== PROBLEM REQUIREMENTS ==
In the material below, write out each line word for word and omit the pictures.

== DATA SHOWN ==
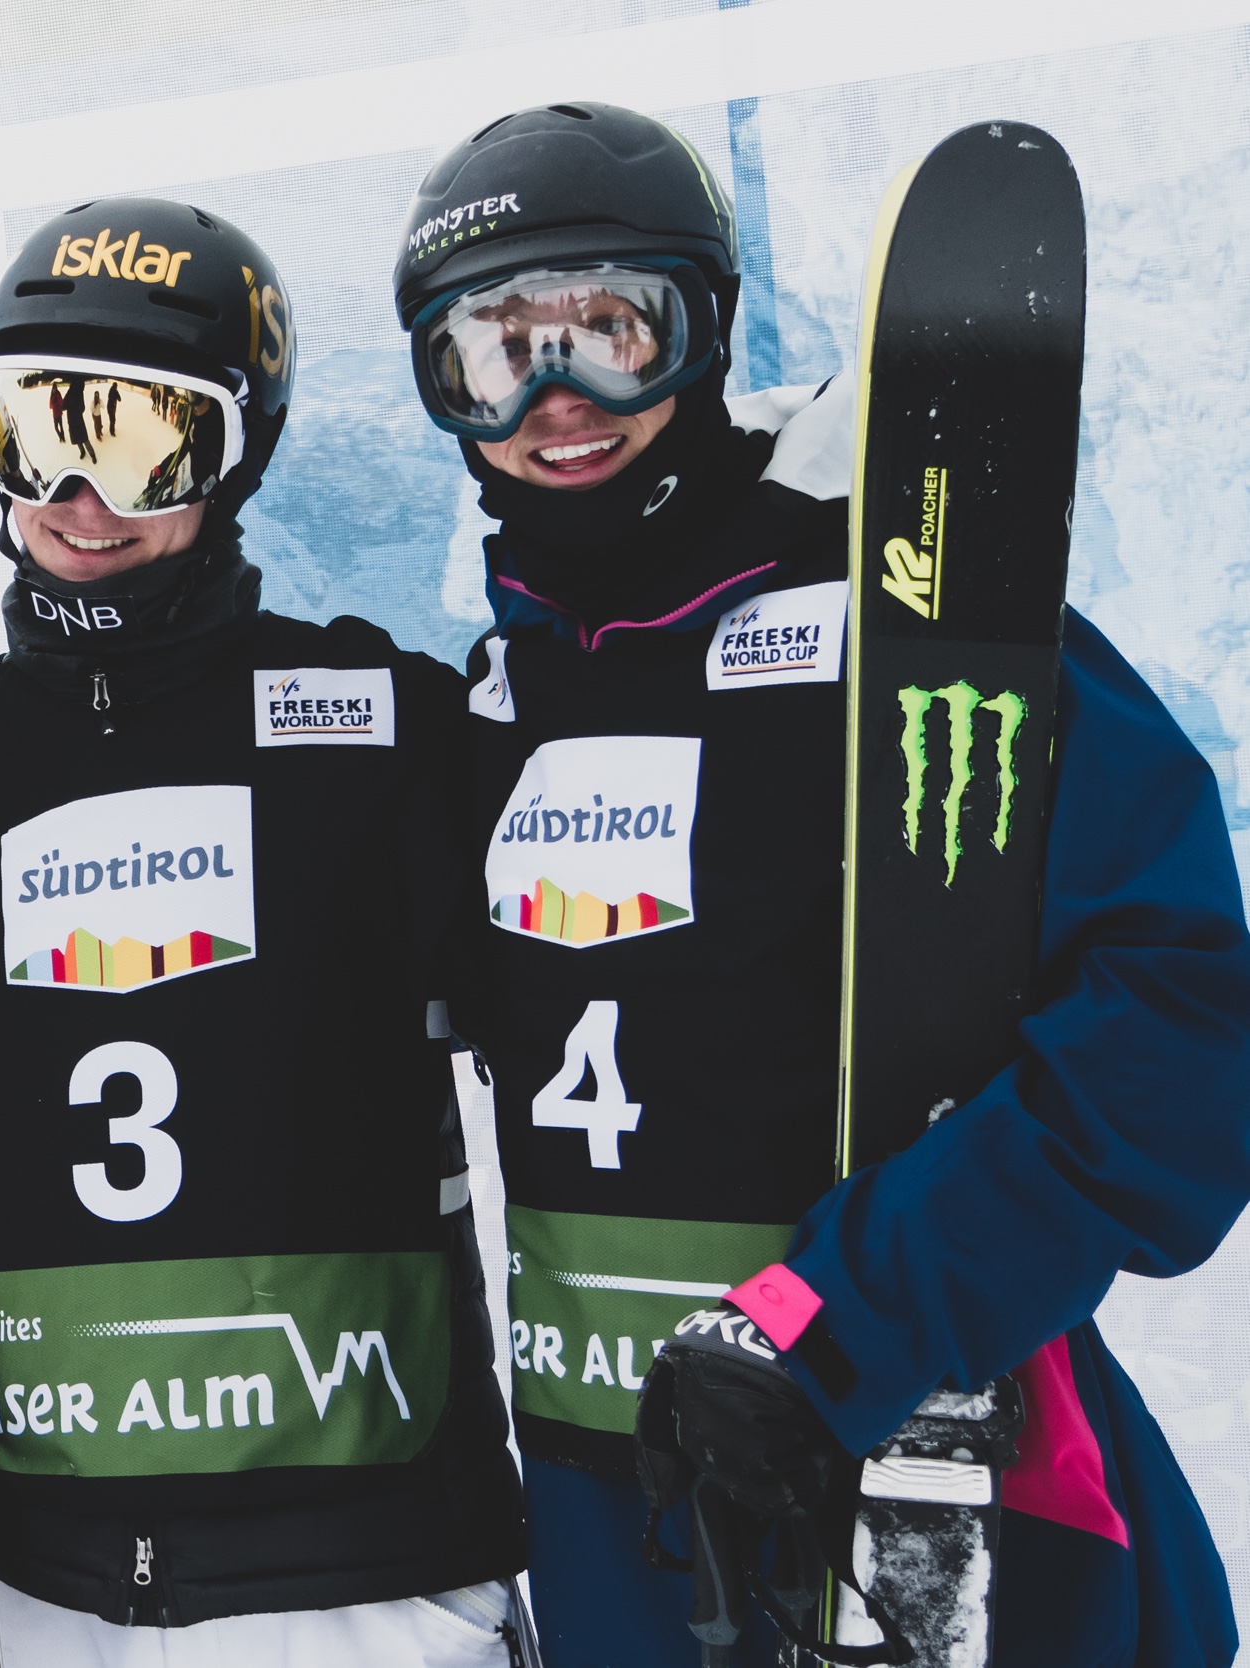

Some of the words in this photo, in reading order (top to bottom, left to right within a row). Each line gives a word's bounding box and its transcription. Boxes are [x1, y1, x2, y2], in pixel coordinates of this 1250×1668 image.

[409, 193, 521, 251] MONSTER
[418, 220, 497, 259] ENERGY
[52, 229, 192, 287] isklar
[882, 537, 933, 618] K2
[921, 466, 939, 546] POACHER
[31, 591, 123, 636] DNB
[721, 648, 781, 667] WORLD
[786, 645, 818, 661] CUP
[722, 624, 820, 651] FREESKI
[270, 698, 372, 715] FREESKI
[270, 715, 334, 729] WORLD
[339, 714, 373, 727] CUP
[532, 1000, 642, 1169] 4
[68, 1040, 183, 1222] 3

== YOUR RESPONSE ==
Some of the words in this photo, in reading order (top to bottom, left to right within a row). Each line gives a word's bounding box and its transcription. Boxes are [x1, y1, x2, y2], in pixel coordinates of this 1250×1668 image.

[409, 193, 521, 251] MONSTER
[418, 220, 497, 259] ENERGY
[52, 229, 192, 287] isklar
[882, 537, 933, 618] K2
[921, 466, 939, 546] POACHER
[31, 591, 123, 636] DNB
[721, 648, 781, 667] WORLD
[786, 645, 818, 661] CUP
[722, 624, 820, 651] FREESKI
[270, 698, 372, 715] FREESKI
[270, 715, 334, 729] WORLD
[339, 714, 373, 727] CUP
[532, 1000, 642, 1169] 4
[68, 1040, 183, 1222] 3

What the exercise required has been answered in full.